The crystal structure of G-actin monomer has been used together with tropomyosin in a filament model to explain the low-angle X-ray diffraction data from relaxed and activated actin filaments. The four-subdomain actin monomer can be approximated quite well by a four-sphere unit. Orienting this unit and tropomyosin into a filament by searching for the best fit between the computed Fourier transform and the observed vertebrate skeletal muscle low-angle actin layer-lines from muscles at non-overlap sarcomere lengths produced models for the structural changes within the thin filaments (actin plus tropomyosin) between the resting state and the active states, which occur as a result of calcium-activation and independent of myosin interaction with actin. The models are very sensitive to changes in the positions of the centres of mass of the subdomains, but not to the exact shape of the objects used to represent them (e.g. spheres, ellipsoids etc.), as long as the volume is fixed, at the resolution here considered. It is concluded that, even with a four-subdomain structure for the actin molecules, the observed low-angle X-ray diffraction patterns cannot be explained without a substantial azimuthal swing of the tropomyosin strands when resting filaments are calcium-activated.

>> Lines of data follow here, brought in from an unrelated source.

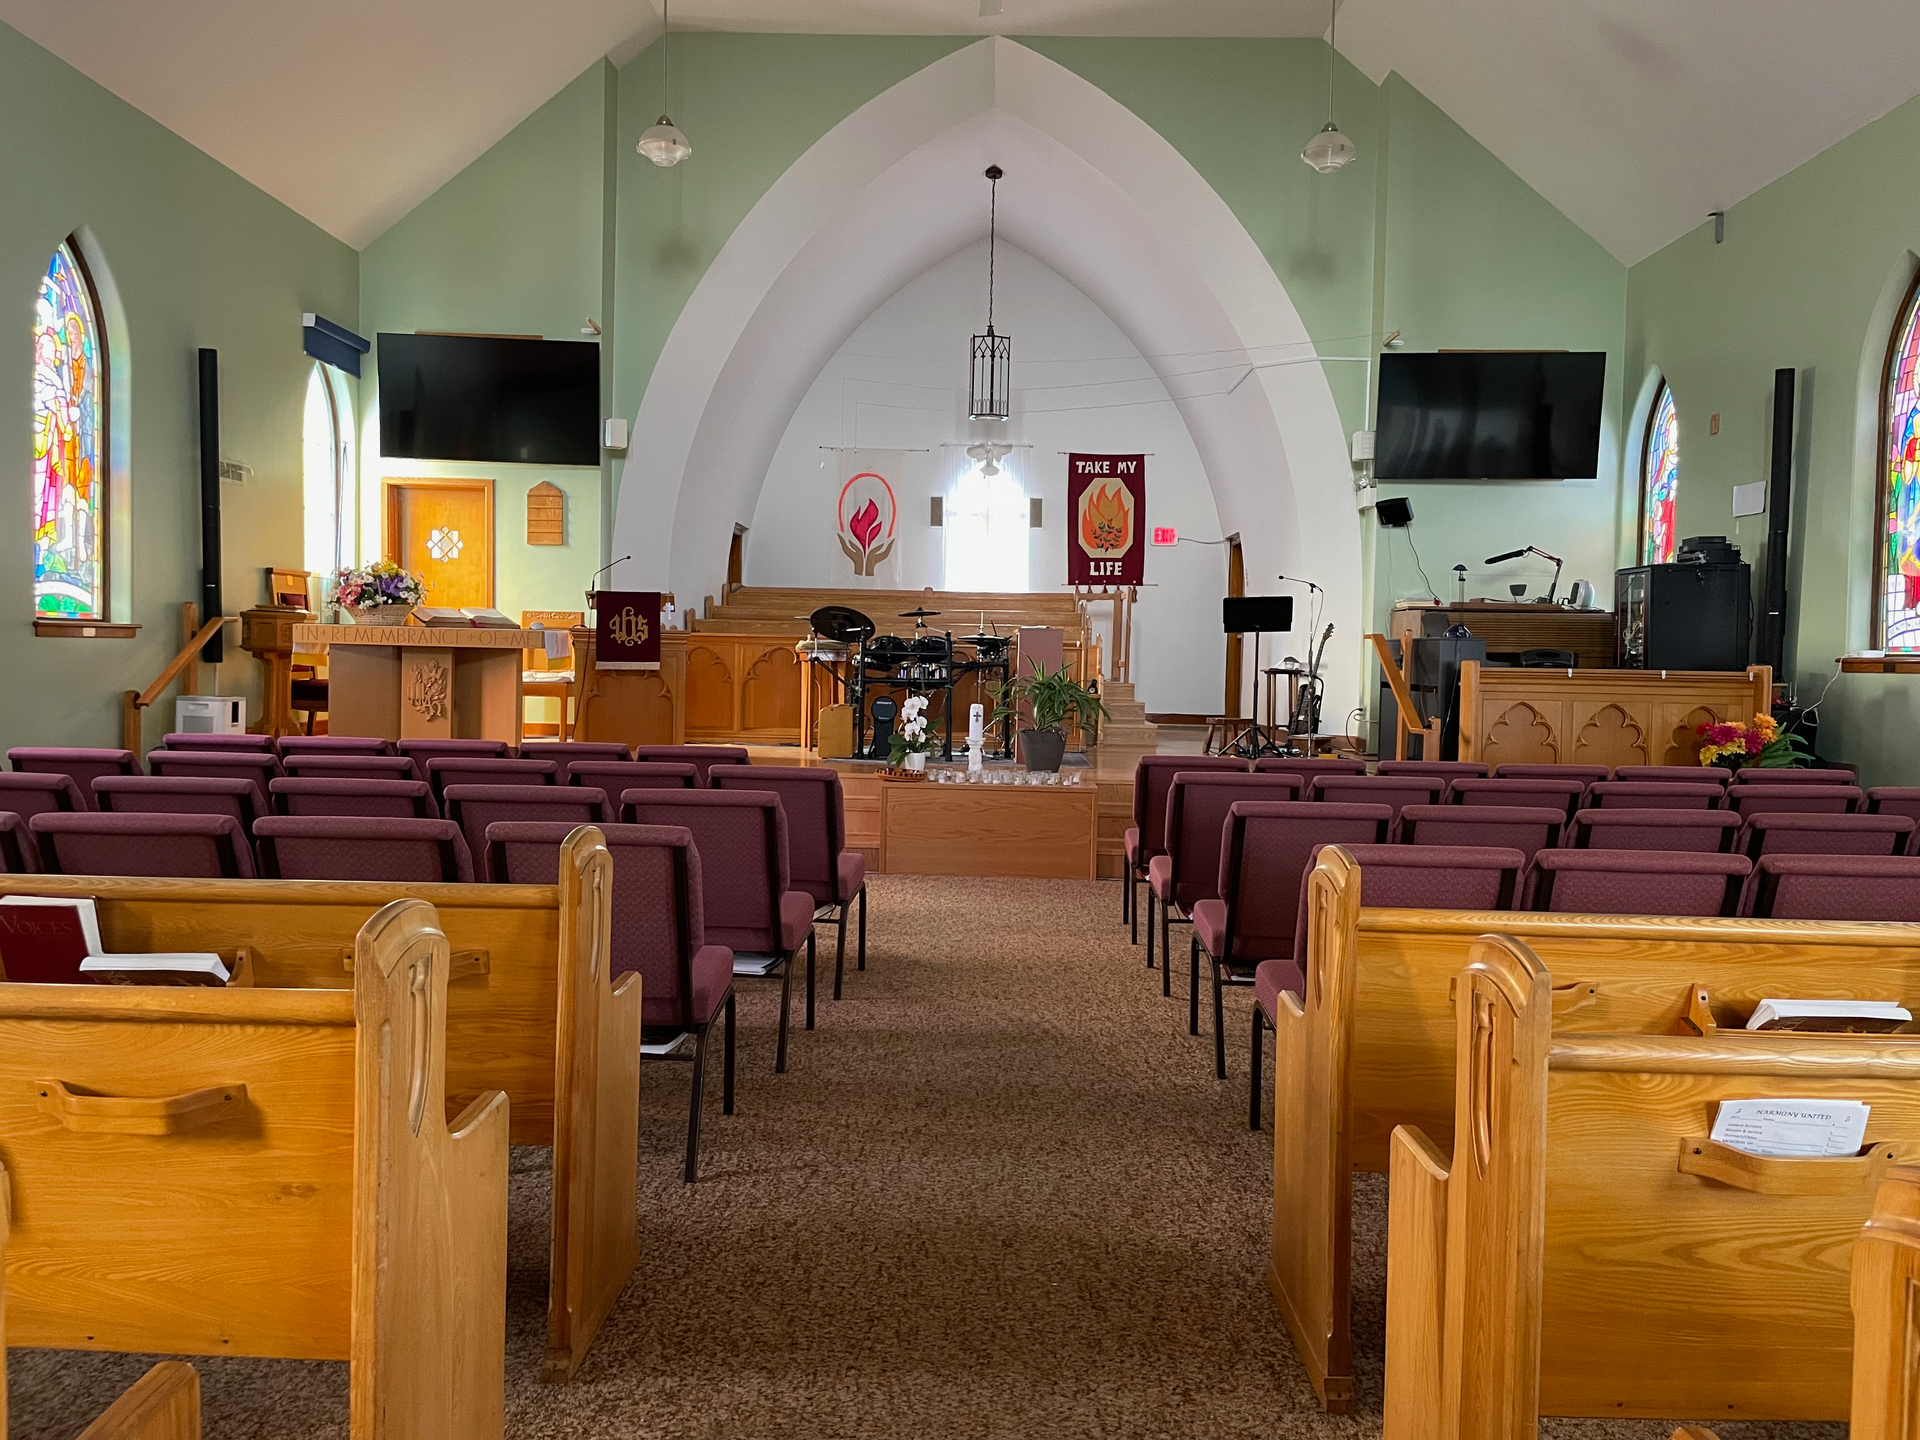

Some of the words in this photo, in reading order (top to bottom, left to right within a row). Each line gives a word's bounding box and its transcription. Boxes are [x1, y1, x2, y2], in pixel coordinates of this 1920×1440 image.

[1076, 461, 1110, 474] TAKE
[1117, 461, 1137, 474] MY
[1154, 527, 1176, 544] EXIT
[1089, 562, 1122, 576] LIFE
[331, 626, 464, 645] REMEMBRANCE
[479, 630, 501, 646] OF
[1755, 1109, 1799, 1118] HARMONY
[1800, 1112, 1832, 1120] UNITED

The direction of this swing upon calcium-activation is away from a position close to the proposed major binding site of the myosin head on actin; a result consistent with the original "steric blocking model" of thin filament-based regulation in which the tropomyosin position on actin is crucial for regulation of the myosin crossbridge cycle on actin. Tropomyosin sterically hindering myosin attachment in the "off" state remains a possibility. However, even in the "on" state, the tropomyosin position is close enough to the myosin-binding site to have an effect, where it could regulate the transition of the head from a weak to a strong state. In addition to this tropomyosin movement there are small, but plausible, actin subdomain movements. A tropomyosin shift on its own will not explain the data. Allowance for possible movement of actin subdomain 2 along with the tropomyosin shift still does not explain the data. An additional small movement of subdomain 1; the main myosin-binding subdomain, is postulated.